>>>>

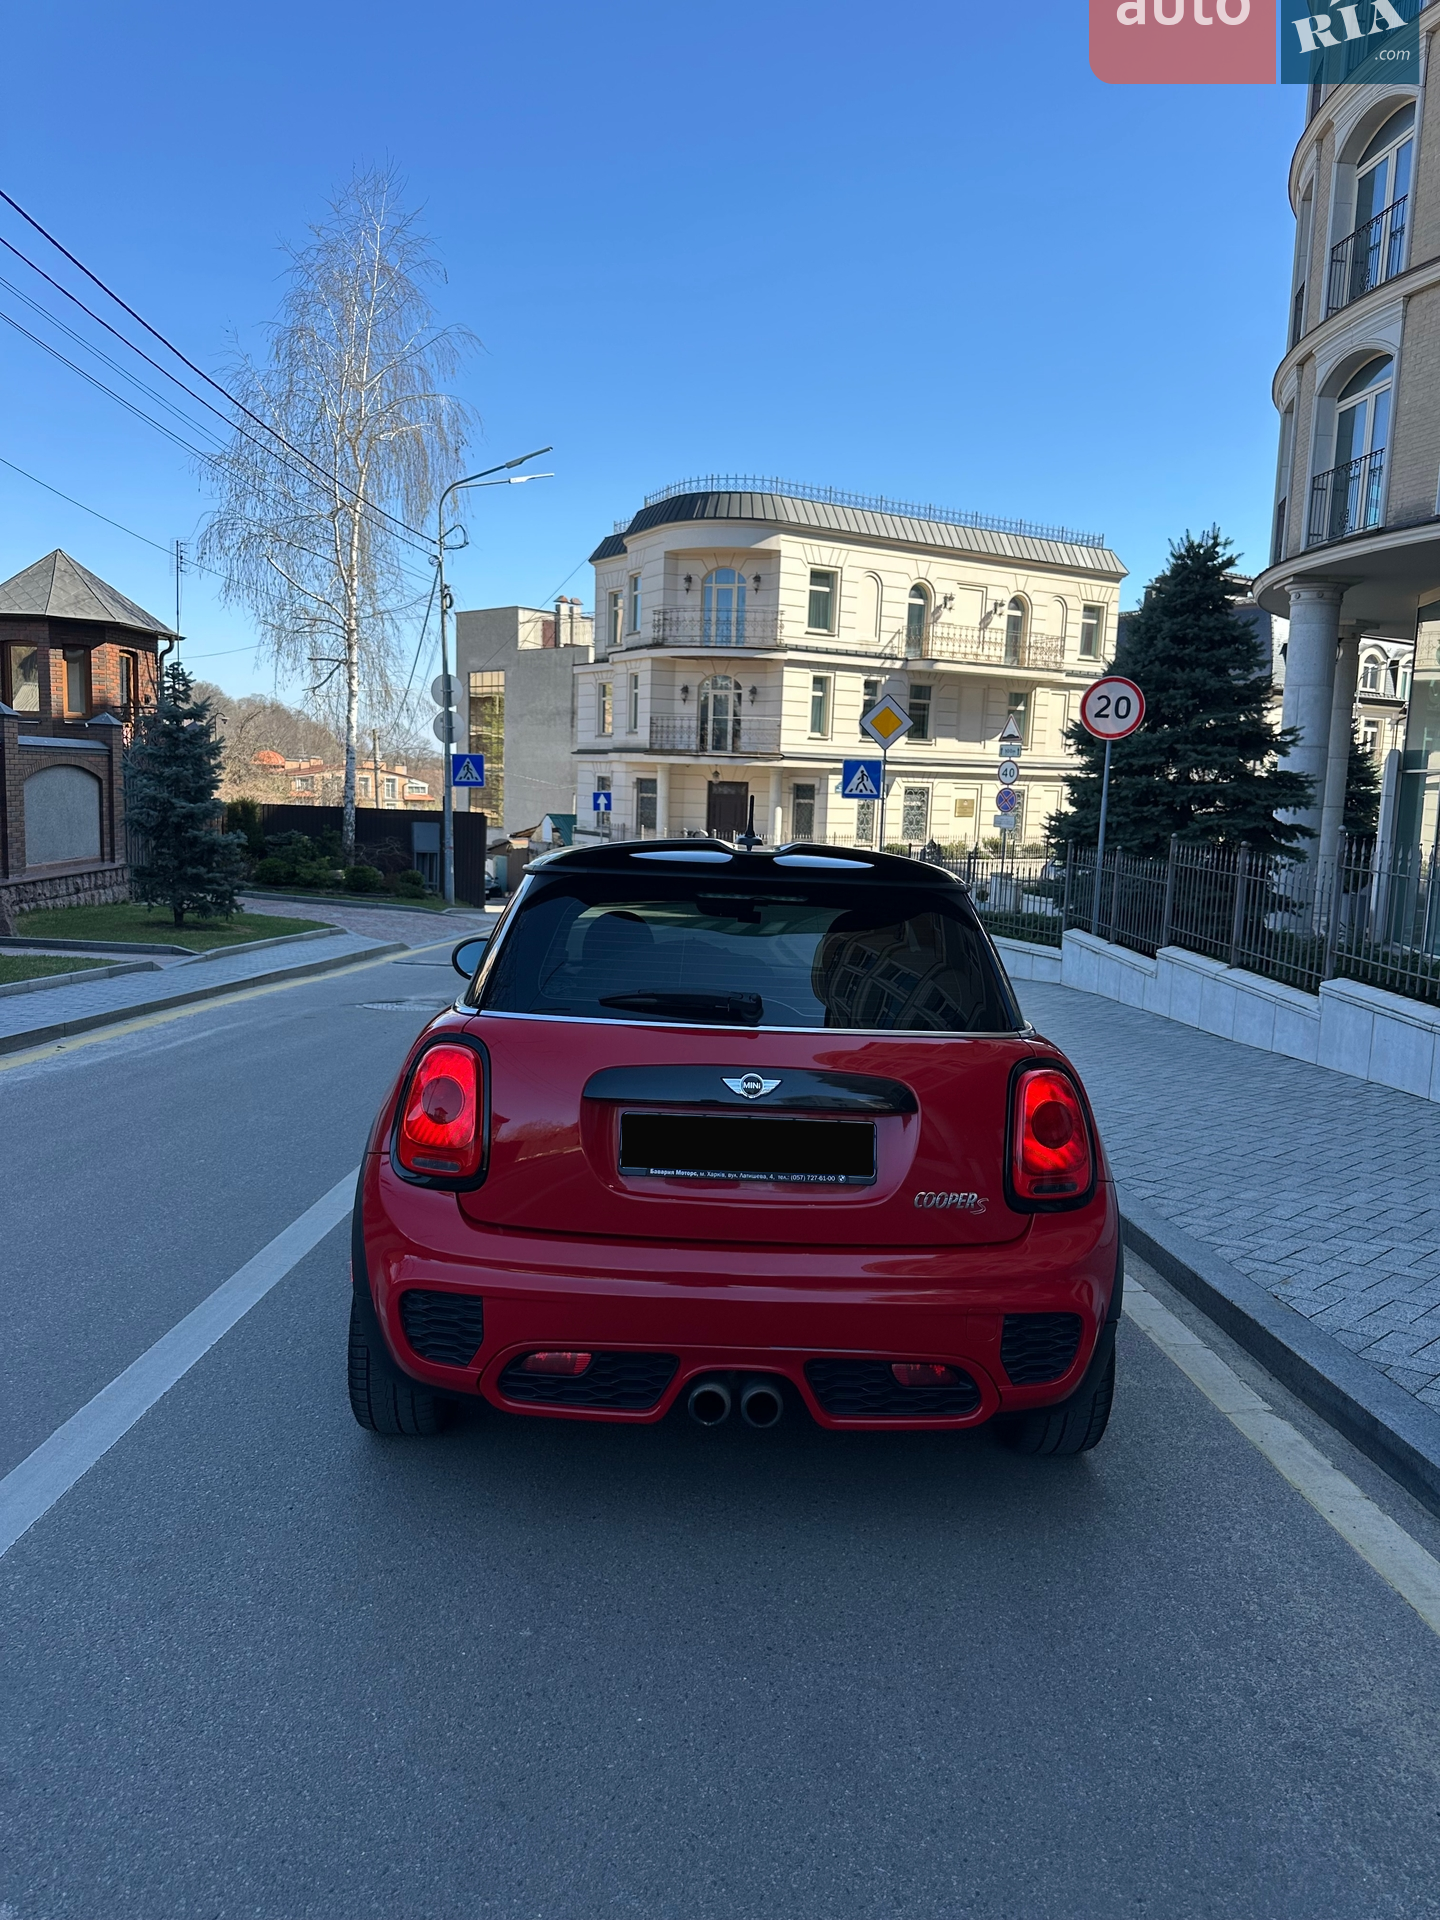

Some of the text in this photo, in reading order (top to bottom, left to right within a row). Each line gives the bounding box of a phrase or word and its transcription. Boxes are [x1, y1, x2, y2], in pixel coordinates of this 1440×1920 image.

[1093, 694, 1132, 719] 20
[1001, 767, 1015, 778] 40
[743, 1081, 761, 1090] MINI
[790, 1174, 806, 1182] (057)
[807, 1174, 836, 1182] 727-61-00
[913, 1191, 990, 1215] COOPER S
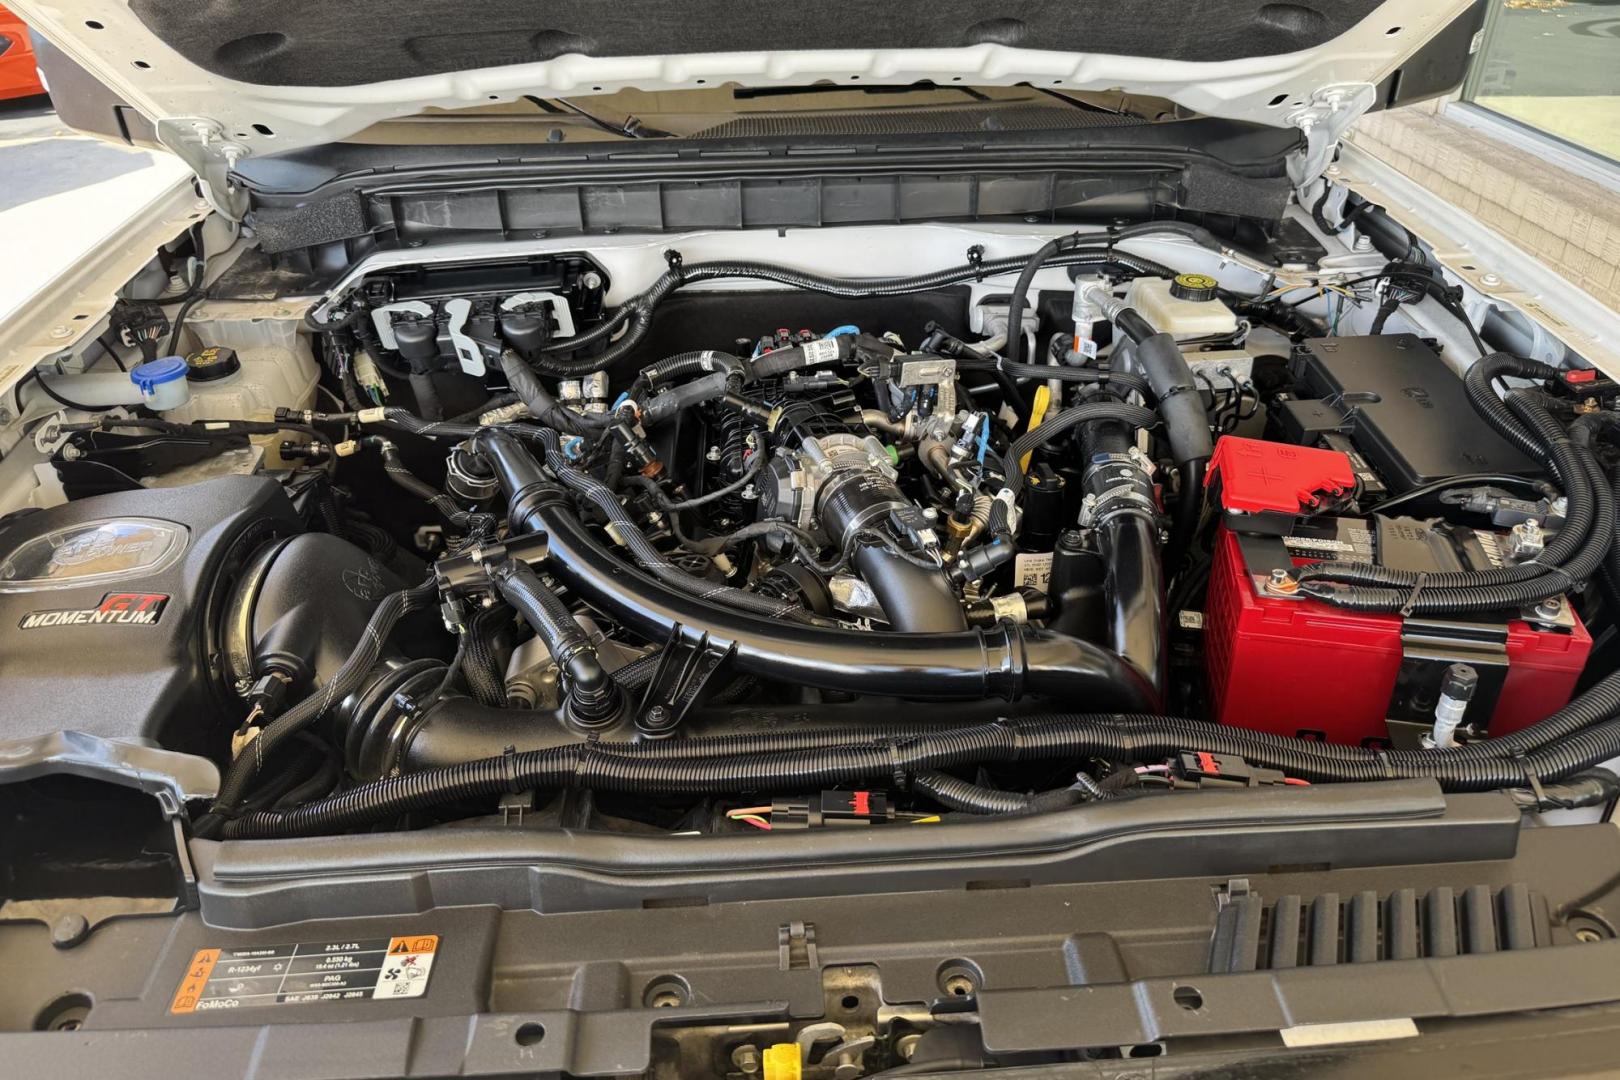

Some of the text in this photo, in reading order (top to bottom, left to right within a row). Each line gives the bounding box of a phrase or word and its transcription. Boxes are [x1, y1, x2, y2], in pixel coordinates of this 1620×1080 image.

[101, 593, 169, 612] GT
[227, 964, 262, 974] R-1234yf
[323, 974, 341, 982] PAG
[196, 999, 239, 1011] FoMoCo
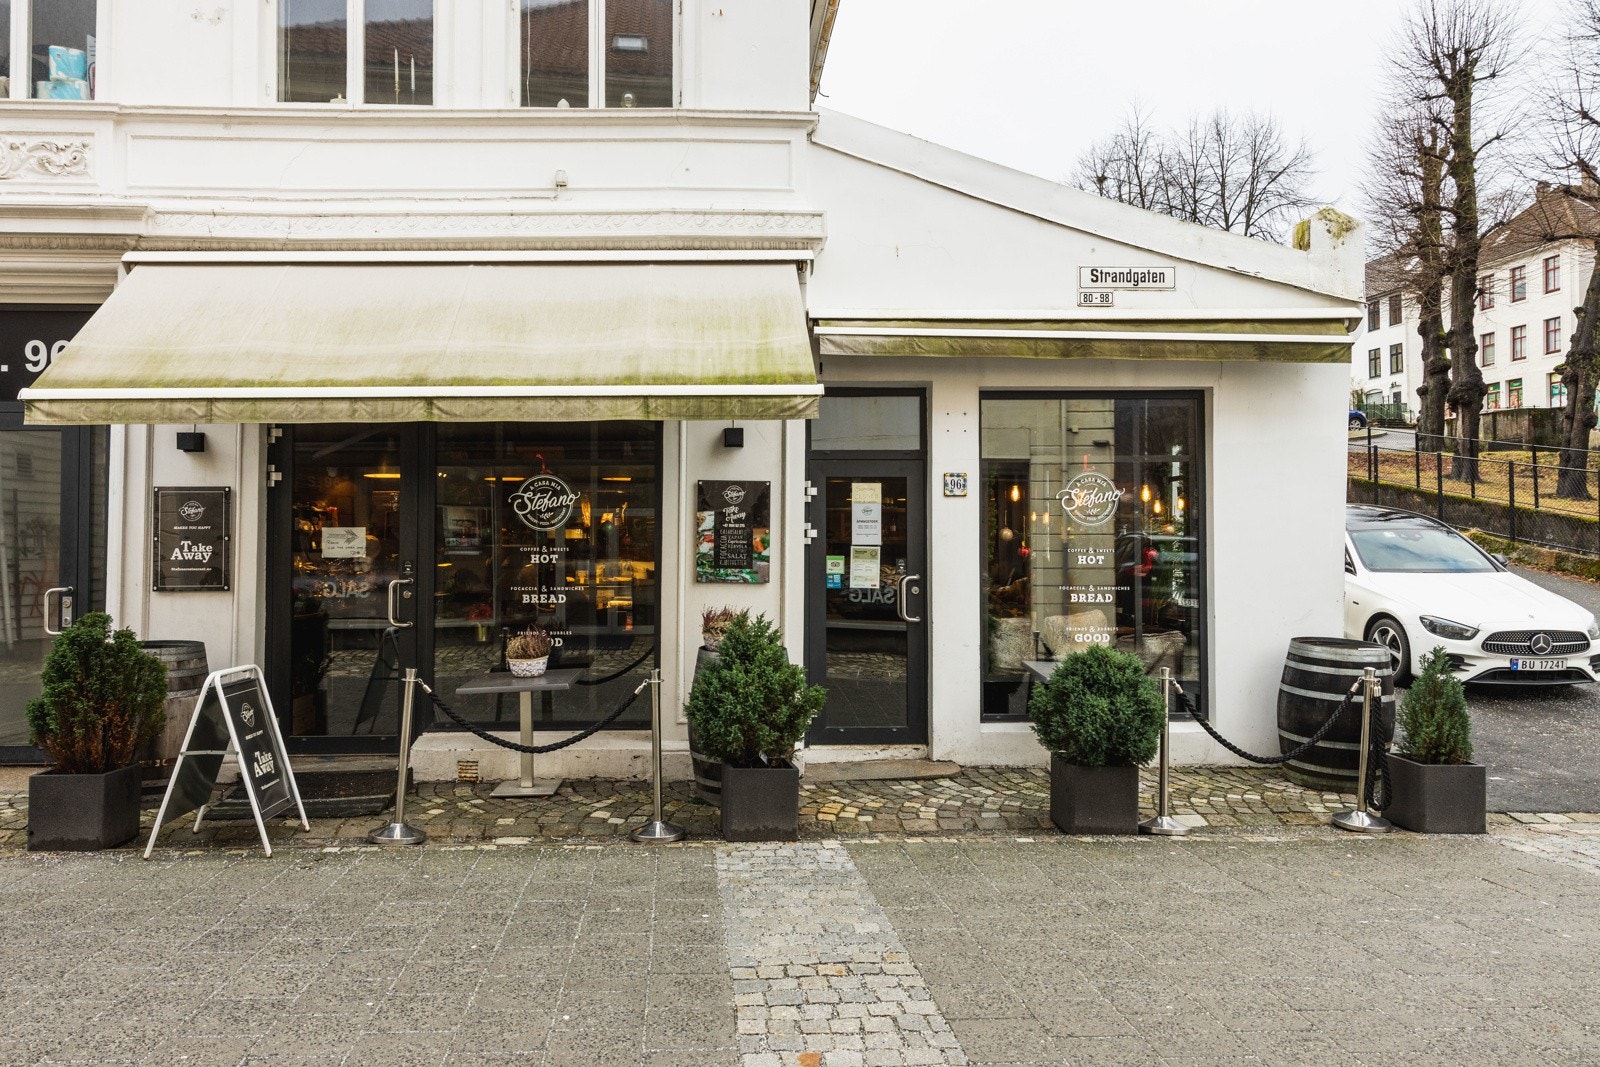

<<<<

EXERCISE GOAL
From the line that contains "this 1620×1080 image." to the end of the listing, give every line again exactly as written. Leave the pictures out.

PROBLEM SOLUTION
Some of the text in this photo, in reading order (top to bottom, left to right within a row). Each line gives the bounding box of a phrase or word and its transcription. Boxes are [x1, y1, x2, y2], in pixel coordinates of this 1620×1080 image.

[101, 593, 169, 612] GT
[227, 964, 262, 974] R-1234yf
[323, 974, 341, 982] PAG
[196, 999, 239, 1011] FoMoCo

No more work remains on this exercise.